Imagine this: you wake up to find lucrative crypto trades executed in your account, all done by mirroring the moves of a skilled and more experienced trader. This is the promise of crypto copy trading, a strategy that’s garnered more and more popularity over the past few years among beginners and intermediate traders alike, as it provides a shortcut to potentially earn profits in crypto without starting from scratch and having to learn how to navigate the complexity of the market by yourself or spending months watching charts. Copy trading is as legit as it sounds, and you may want to consider if you want a hands-off start. We’ll discuss it further below, so continue reading to learn more.
How does copy trading work?
Copy trading links your account to the account of an expert trader of your choice, mirroring their moves in real time. In other words, when they close or open a position, the same action happens for you, generally proportional to the amount you’ve allocated. This occurs via specialized platforms dedicated to copy trading, with the process largely hands-free once set up. For example, once you’ve learned how to buy USDC, and already have the funds, you’d use them to execute the same strategy as an expert trader, which may involve swapping other stablecoins for it, or trading USDC pairs. If the trader’s move results in a profit, you will also have a lucrative trade. On the contrary, if they lose, you lose as well.
Automation is what powers copy trading, meaning that the platform runs a bot that duplicates the actions of the trader to your actions instantly, so you don’t have to place orders on your own. In some instances, advanced traders utilize third-party copy trading bots by connecting through API to their exchange accounts, but if you’re a newbie, you should stick with the built-in copy trading tools that reputable platforms provide, as they include risk management features and handle execution properly. External bots are complex and introduce additional security risks, so they are more suitable for those who truly understand what they’re doing.
While in execution, copy trading is hands-free; that doesn’t mean it’s entirely set-and-forget, and you still need to monitor your account’s performance. Suppose the trader you copy begins to take too much risk ( or hits a losing streak); you must be ready to either pause or entirely stop the copy. The good news is that almost all platforms allow you to unfollow a trade, and you can decide whether to keep the copied positions and manage them on your own or close them. In the end, it’s your money, and if you want to protect it, you need to stay engaged.
What are the benefits and drawbacks of copy trading stablecoins?
Benefits
The reason so many crypto traders get into copy trading is that it offers numerous advantages, especially for newbies who aren’t confident in their crypto trading skills. Let’s be honest: learning chart patterns, technical analysis and risk management can feel daunting if you’re new to this space, but copy trading gives you the chance to start investing without extensive knowledge, because you essentially piggyback on seasoned traders’ expertise, lowering the barriers to entry and allowing you to get exposure to Bitcoin or other crypto of your choice ( while you still learn the ins and outs of the market). When it comes to stablecoins, the benefits are notable: because these assets are pegged 1:1 to fiat money, it shelters you from volatility, so that your core capital doesn’t fluctuate when the market declines or while you wait for the execution of the trades. There’s also high-yield potential, so even if the market is volatile, you still get the chance to generate passive income.

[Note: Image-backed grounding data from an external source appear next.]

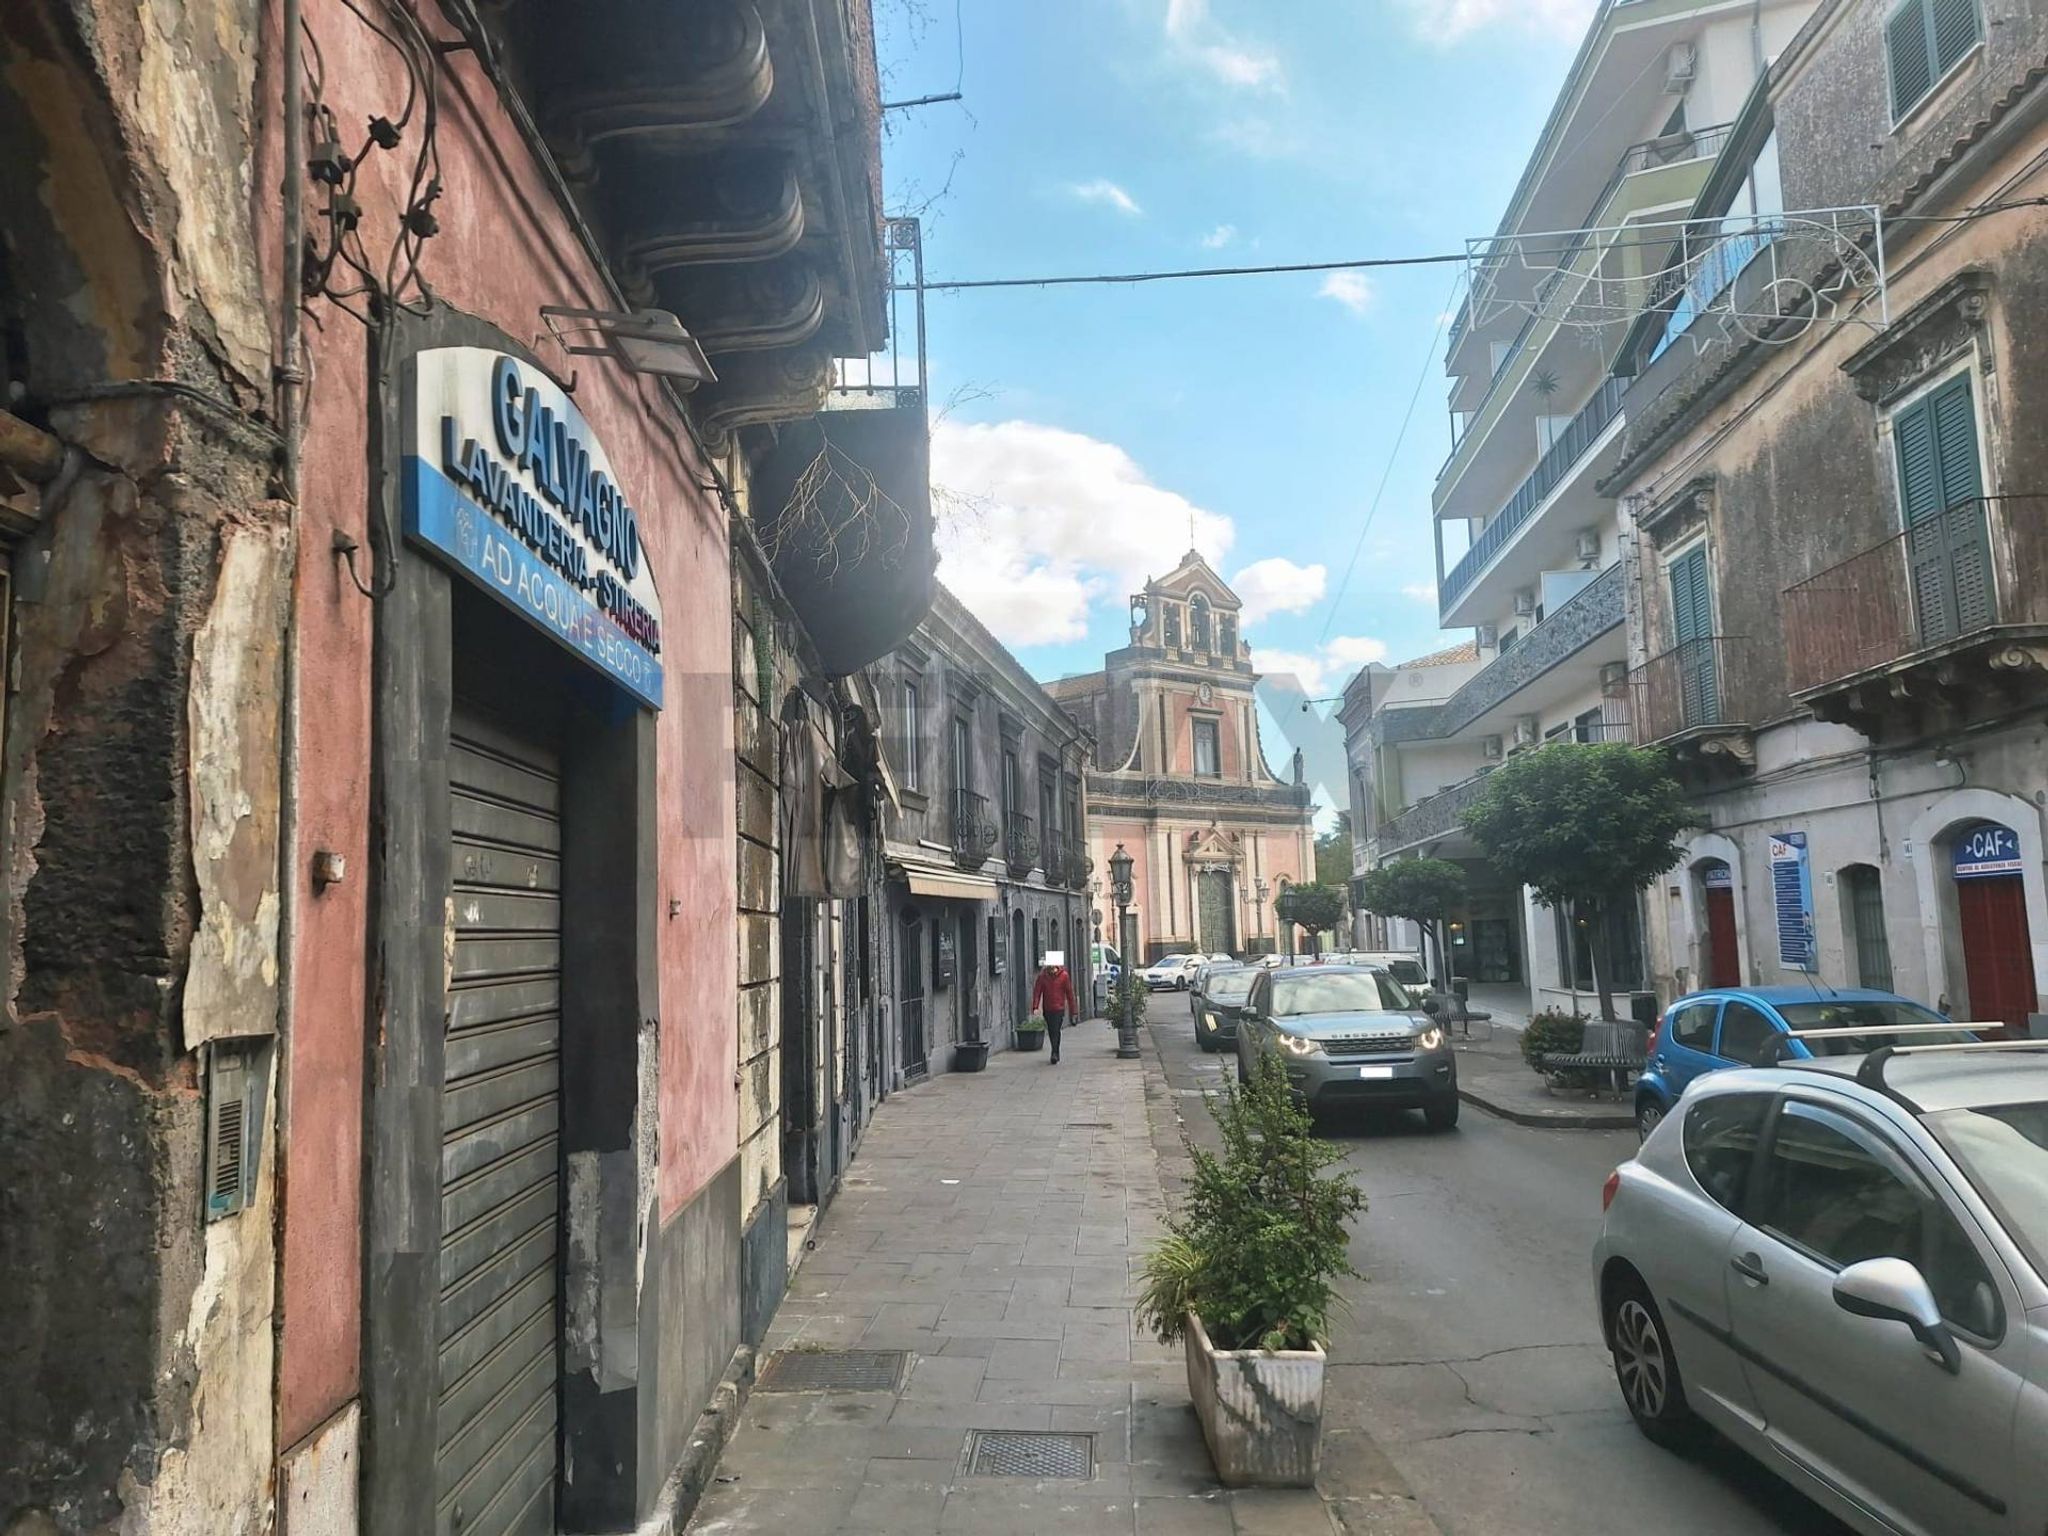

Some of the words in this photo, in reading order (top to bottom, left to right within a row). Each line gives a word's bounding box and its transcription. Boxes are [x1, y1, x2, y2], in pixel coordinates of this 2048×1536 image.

[441, 416, 590, 590] LAVANDERIA
[597, 570, 661, 654] STIRERIA
[492, 356, 639, 580] GALVAGNO
[482, 534, 513, 585] AD
[517, 562, 580, 639] ACQUA
[583, 615, 593, 648] E
[597, 626, 642, 684] SECCO
[1772, 843, 1788, 857] CAF
[1972, 830, 2003, 858] CAF
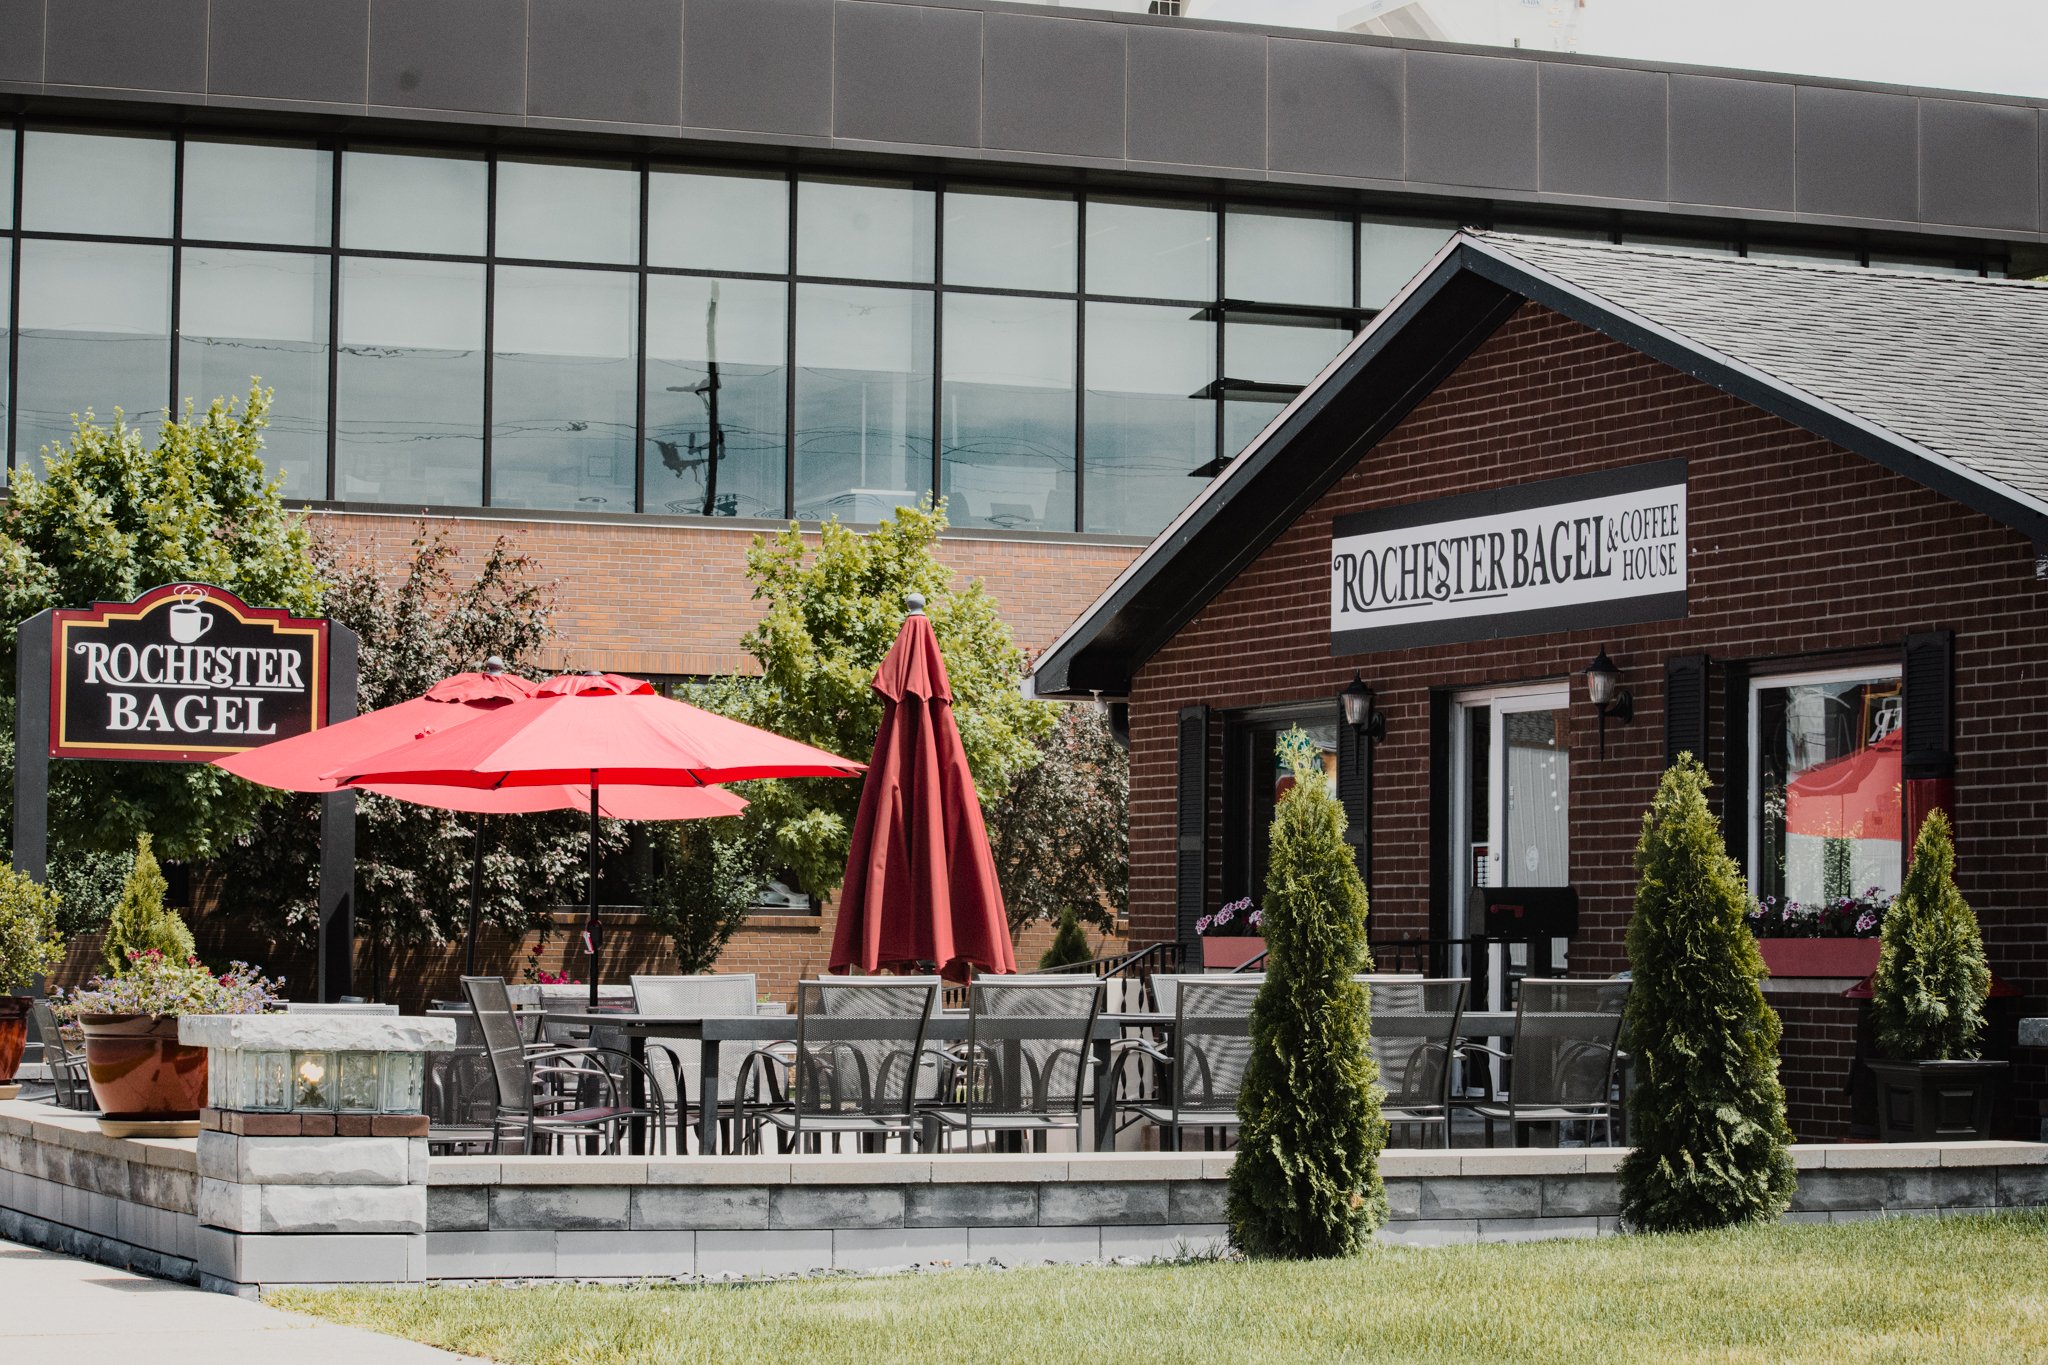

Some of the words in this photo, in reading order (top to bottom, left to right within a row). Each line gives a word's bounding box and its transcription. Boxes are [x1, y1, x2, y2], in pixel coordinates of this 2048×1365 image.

[1620, 503, 1679, 543] COFFEE
[1334, 532, 1508, 613] ROCHESTER
[1510, 515, 1612, 588] BAGEL
[1606, 518, 1619, 552] &
[1622, 543, 1677, 581] HOUSE
[74, 641, 305, 692] ROCHESTER
[106, 692, 276, 735] BAGEL
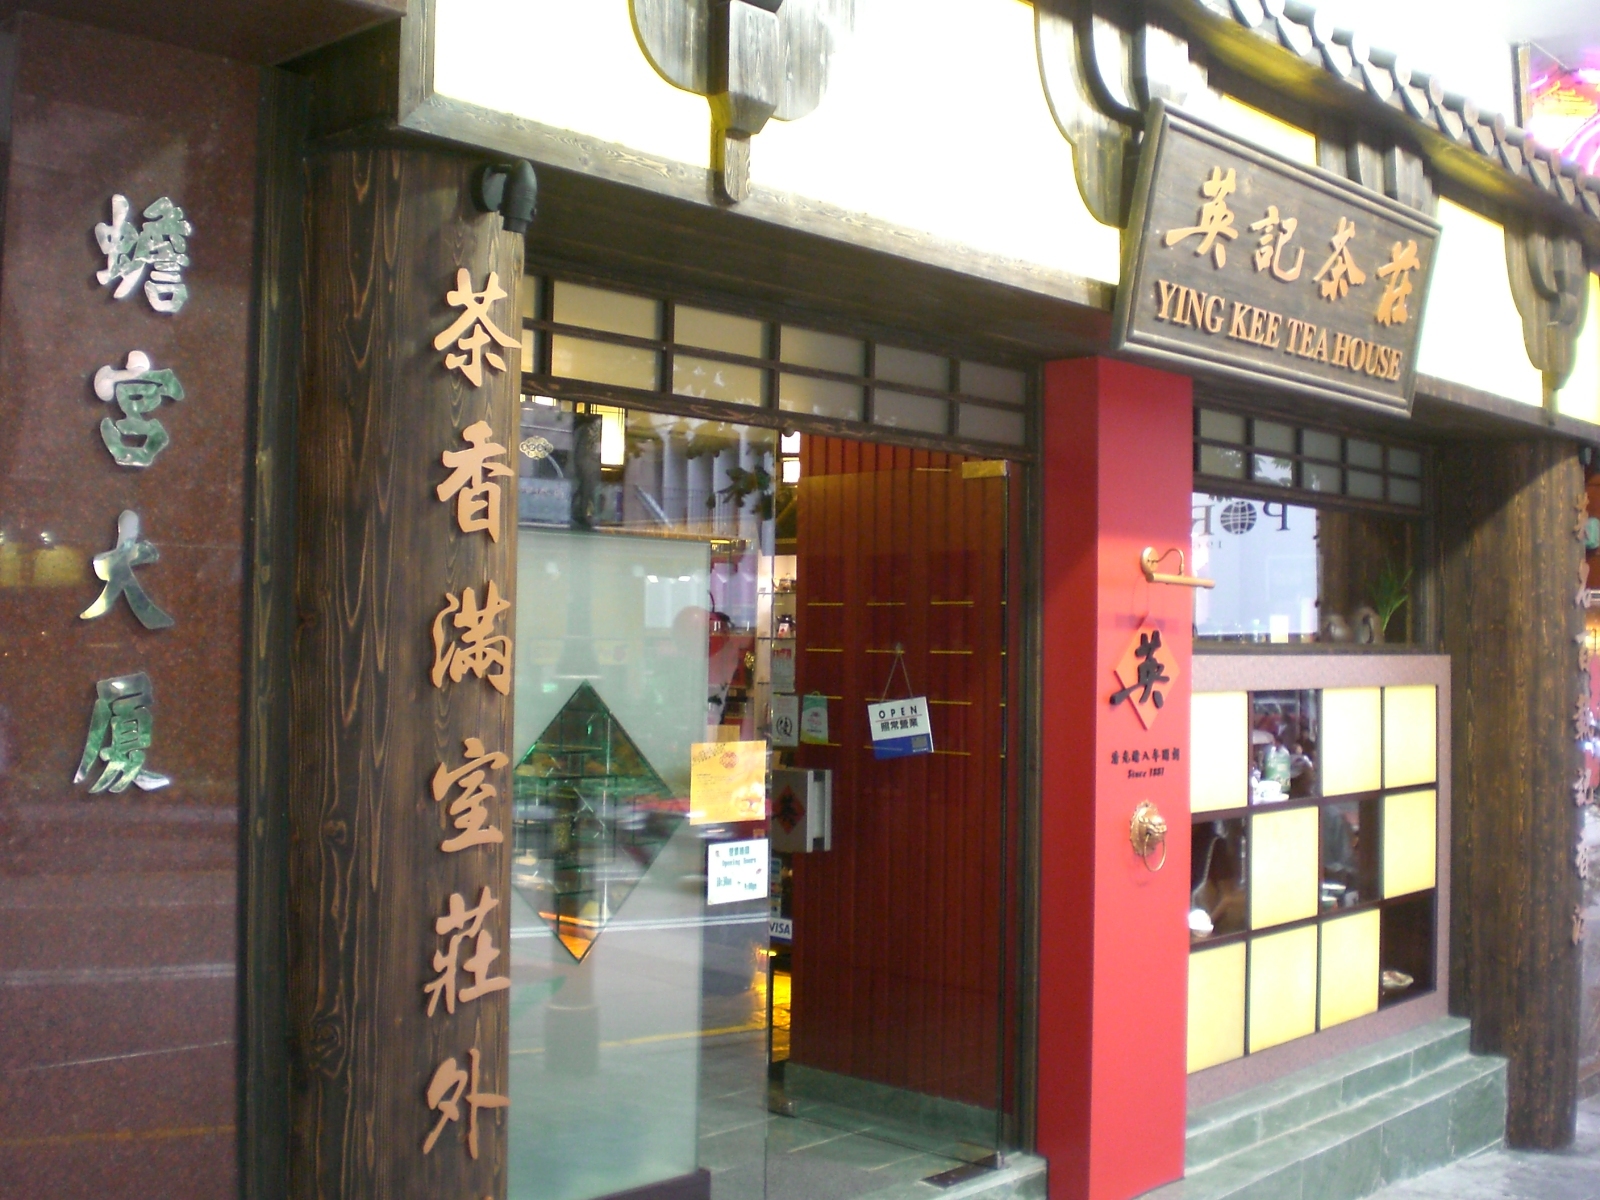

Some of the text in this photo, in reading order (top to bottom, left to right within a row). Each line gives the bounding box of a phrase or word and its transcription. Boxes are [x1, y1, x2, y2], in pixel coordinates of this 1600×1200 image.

[1156, 279, 1403, 383] YING KEE TEA HOUSE
[1109, 630, 1170, 709] 英
[878, 705, 918, 719] OPEN
[1127, 769, 1147, 779] Since
[769, 922, 791, 935] VISA

What’s more, copy trading stablecoins can serve as an educational experience, as you get to observe the strategy of a crypto pro in real time by watching trades executed in your account. You can basically study when they exit and enter positions, what kind of stablecoins they choose, and so on, which will help accelerate your learning over time and turn your trading account into a live classroom. You can even access complex DeFi strategies, like yield farming or liquidity provision without requiring deep technical knowledge (you basically just have to choose a trader who’s well-versed in these particular areas). Ultimately, the biggest benefit of copy trading stablecoins is the opportunity to make money without being an expert or constantly watching the market.
Drawbacks
Sure, the idea of earning like the experts sounds fantastic, but it’s essential to keep your expectations realistic. Before diving into copy trading, you need to understand the risks and downsides of it. First and foremost, there’s no guarantee that copying someone will result in profits, as even the most experienced traders have losing streaks. The person you decide to follow could make a bad call, use an aggressive strategy to chase yield, and in that case, you could experience a loss or realize that their risk appetite doesn’t match yours. Many beginners make the mistake of believing that a high past ROI of a trader means there will certainly be a good outcome, but they are shocked when the strategy falters, so it’s important to remember that past performance isn’t a promise of future results.
Depegging events are also a fundamental risk when copy trading stablecoins, which means the stablecoin could lose its 1:1 peg to the currency. This is the case even for major stablecoins when market confidence is low, or liquidity crises occur, like it happened with USDC back in 2023.
The bottom line
While copy trading stablecoins can be profitable, there are multiple factors that will determine the outcome, from the trades you copy and market conditions to the way you manage risk. In the end, it’s best to treat copy trading as a supplemental strategy and not rely on it blindly as a guaranteed source of income. Stay engaged in the trading process, practice due diligence, and constantly monitor the performance of the trader you’re copying.